Human resources management has never been more important, or complicated. Change in the HR field happens quickly. Healthcare policy debates at the national and state levels are one example, and other recent and upcoming changes could impact minimum wage, payroll taxes, overtime pay, employee benefits and more. Managing human resources at a small business can be particularly challenging, since many smaller companies don't have a dedicated HR expert on staff, let alone an HR department.
A study conducted by ADP illuminates the widespread nature of this challenge. The study found that 70 percent of small businesses with 5-49 employees are handling critical HR tasks in an informal, ad hoc way. Typically, a small business owner will assume the role of ad hoc HR manager (aHRM) or ask another employee (for example, another executive, an accountant or someone in finance) to do so as a secondary function. This can result in employees managing HR-related tasks on top of their existing workload without the training necessary to be successful.

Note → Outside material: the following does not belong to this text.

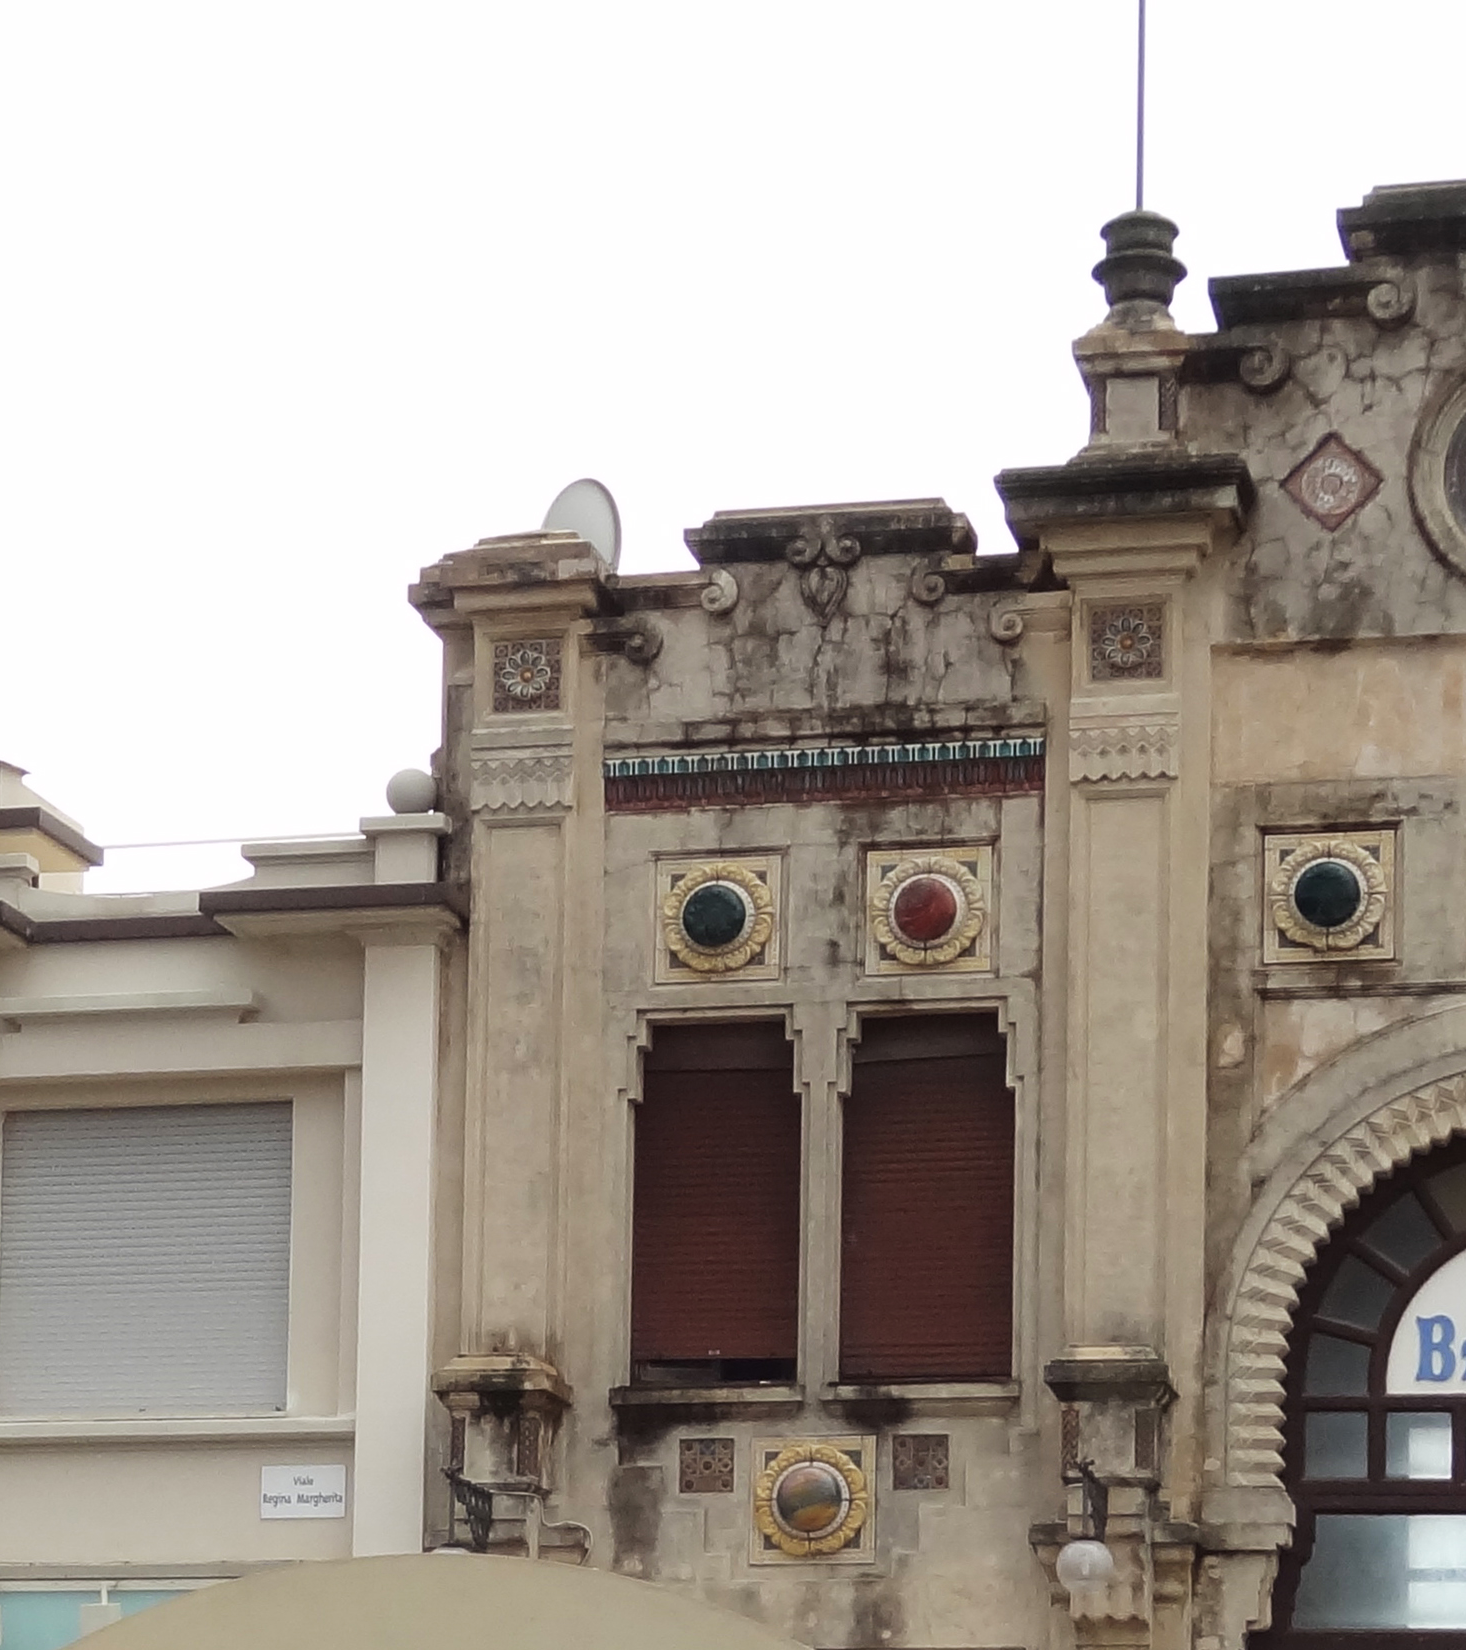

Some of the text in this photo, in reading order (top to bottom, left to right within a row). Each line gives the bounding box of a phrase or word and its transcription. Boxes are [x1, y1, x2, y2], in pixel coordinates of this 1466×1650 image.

What Tasks Do aHRMs Perform?
Payroll administration and HR compliance are at the top of the ad hoc HR manager's task list. That said, according to ADP's study, only 23 percent of aHRMs believe they have the necessary tools and resources to perform HR tasks well, while only 19 percent of aHRMs are fully confident in their abilities to handle HR tasks without making mistakes. In fact, small businesses generally track employee data in Excel and on paper — a manual process that can be highly inefficient. When they need HR expertise, such as information about employee classifications, the aHRM may have to search the internet to get answers. Small businesses often do not have an up-to-date employee handbook that explains its benefits and policies. This failure can create major HR problems.
What Is the Cost to Your Business?
The majority of ad hoc HR managers (64 percent) happen to be business owners, or the president of the company, according to the ADP survey. ADP found that 20 percent of aHRMs' time was devoted to performing HR functions. Spending so much time on HR tasks can mean that small business owners have less time to devote to critical primary duties, such as developing growth strategies.
Less than a third of small businesses have even a single employee dedicated exclusively to HR, according to ADP's survey. And only 10 percent of aHRMs enjoy performing HR tasks. The tasks themselves are difficult, and employees are seldom given the training and tools they need to perform them well. This can lead to frustration and stress.
The ADP survey indicates that only one in four aHRMs is fully confident that they're keeping up-to-date on HR-related compliance regulations. This can lead to costly compliance oversights.
It's not hard to see, then, how an ad hoc HR approach can negatively impact your bottom line, causing owner and employee stress, distracting workers from their core functions, even prompting employee turnover.
In the second part of the Ad Hoc HR series, we look at how to acquire tools and expertise to help aHRMs manage your HR effectively, including partnering with a trusted HR provider.
The ADP Ad Hoc Human Resource Management Study was a blind online study among 1,054 businesses with 5-49 employees (December 2016).